▶ **Your goal**
Output all entries verbatim. Skip pictures.

▶ **Information shown**
═══
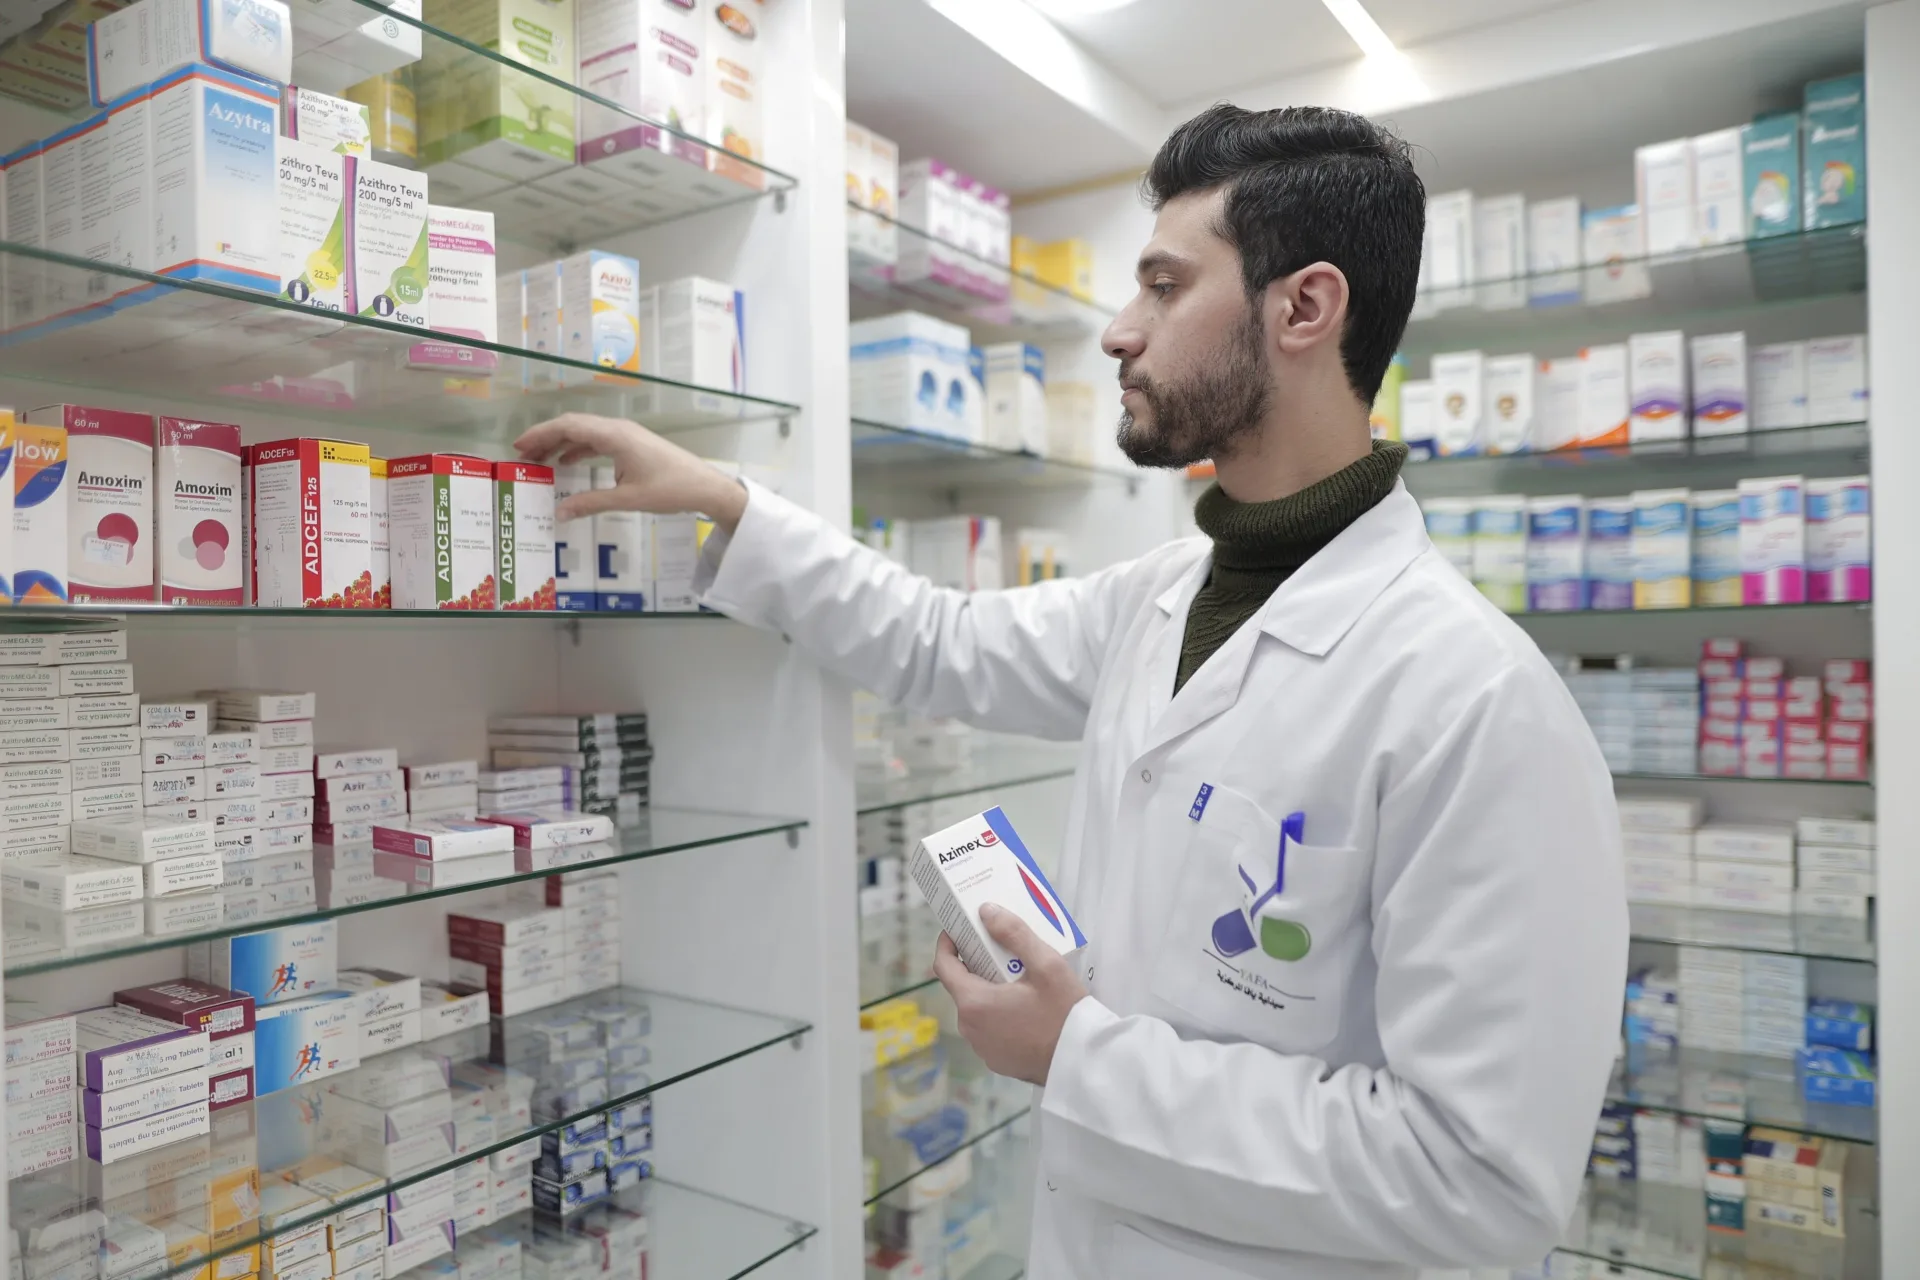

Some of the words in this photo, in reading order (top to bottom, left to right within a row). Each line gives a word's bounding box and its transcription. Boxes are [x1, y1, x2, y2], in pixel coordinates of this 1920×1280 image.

[300, 92, 329, 107] Azithro
[330, 100, 349, 113] Teva
[301, 102, 316, 113] 200
[208, 102, 272, 135] Azytra
[280, 155, 312, 173] zithro
[315, 163, 339, 182] Teva
[280, 168, 292, 181] 00
[293, 176, 317, 188] mg/5
[319, 182, 329, 192] ml
[359, 175, 397, 193] Azithro
[400, 184, 424, 200] Teva
[359, 188, 377, 202] 200
[379, 196, 401, 208] mg/5
[403, 200, 413, 210] ml
[429, 265, 483, 279] zithromycin
[401, 284, 419, 298] 15ml
[310, 297, 341, 312] teva
[396, 310, 424, 326] teva
[74, 419, 86, 429] 60
[88, 420, 100, 429] ml
[171, 430, 182, 440] 60
[184, 432, 193, 440] ml
[259, 449, 286, 461] ADCEF
[393, 463, 418, 474] ADCEF
[78, 470, 142, 490] Amoxim
[175, 479, 233, 497] Amoxim
[307, 476, 317, 497] 125
[440, 488, 448, 507] 250
[504, 493, 512, 513] 250
[305, 498, 319, 575] ADCEF
[437, 508, 450, 583] ADCEF
[501, 513, 513, 584] ADCEF
[938, 838, 982, 865] Azimex
[1241, 968, 1269, 990] YAFA
[165, 1054, 178, 1062] mg
[179, 1047, 205, 1058] Tablets
[179, 1081, 205, 1093] Tablets
[167, 1116, 206, 1132] Augmentin
[138, 1133, 150, 1141] mg
[152, 1129, 165, 1139] 875
[109, 1137, 137, 1150] Tablets
═══
▶ **Answer area**
Some of the words in this photo, in reading order (top to bottom, left to right within a row). Each line gives a word's bounding box and its transcription. Boxes are [x1, y1, x2, y2], in pixel coordinates of this 1920×1280 image.

[300, 92, 329, 107] Azithro
[330, 100, 349, 113] Teva
[301, 102, 316, 113] 200
[208, 102, 272, 135] Azytra
[280, 155, 312, 173] zithro
[315, 163, 339, 182] Teva
[280, 168, 292, 181] 00
[293, 176, 317, 188] mg/5
[319, 182, 329, 192] ml
[359, 175, 397, 193] Azithro
[400, 184, 424, 200] Teva
[359, 188, 377, 202] 200
[379, 196, 401, 208] mg/5
[403, 200, 413, 210] ml
[429, 265, 483, 279] zithromycin
[401, 284, 419, 298] 15ml
[310, 297, 341, 312] teva
[396, 310, 424, 326] teva
[74, 419, 86, 429] 60
[88, 420, 100, 429] ml
[171, 430, 182, 440] 60
[184, 432, 193, 440] ml
[259, 449, 286, 461] ADCEF
[393, 463, 418, 474] ADCEF
[78, 470, 142, 490] Amoxim
[175, 479, 233, 497] Amoxim
[307, 476, 317, 497] 125
[440, 488, 448, 507] 250
[504, 493, 512, 513] 250
[305, 498, 319, 575] ADCEF
[437, 508, 450, 583] ADCEF
[501, 513, 513, 584] ADCEF
[938, 838, 982, 865] Azimex
[1241, 968, 1269, 990] YAFA
[165, 1054, 178, 1062] mg
[179, 1047, 205, 1058] Tablets
[179, 1081, 205, 1093] Tablets
[167, 1116, 206, 1132] Augmentin
[138, 1133, 150, 1141] mg
[152, 1129, 165, 1139] 875
[109, 1137, 137, 1150] Tablets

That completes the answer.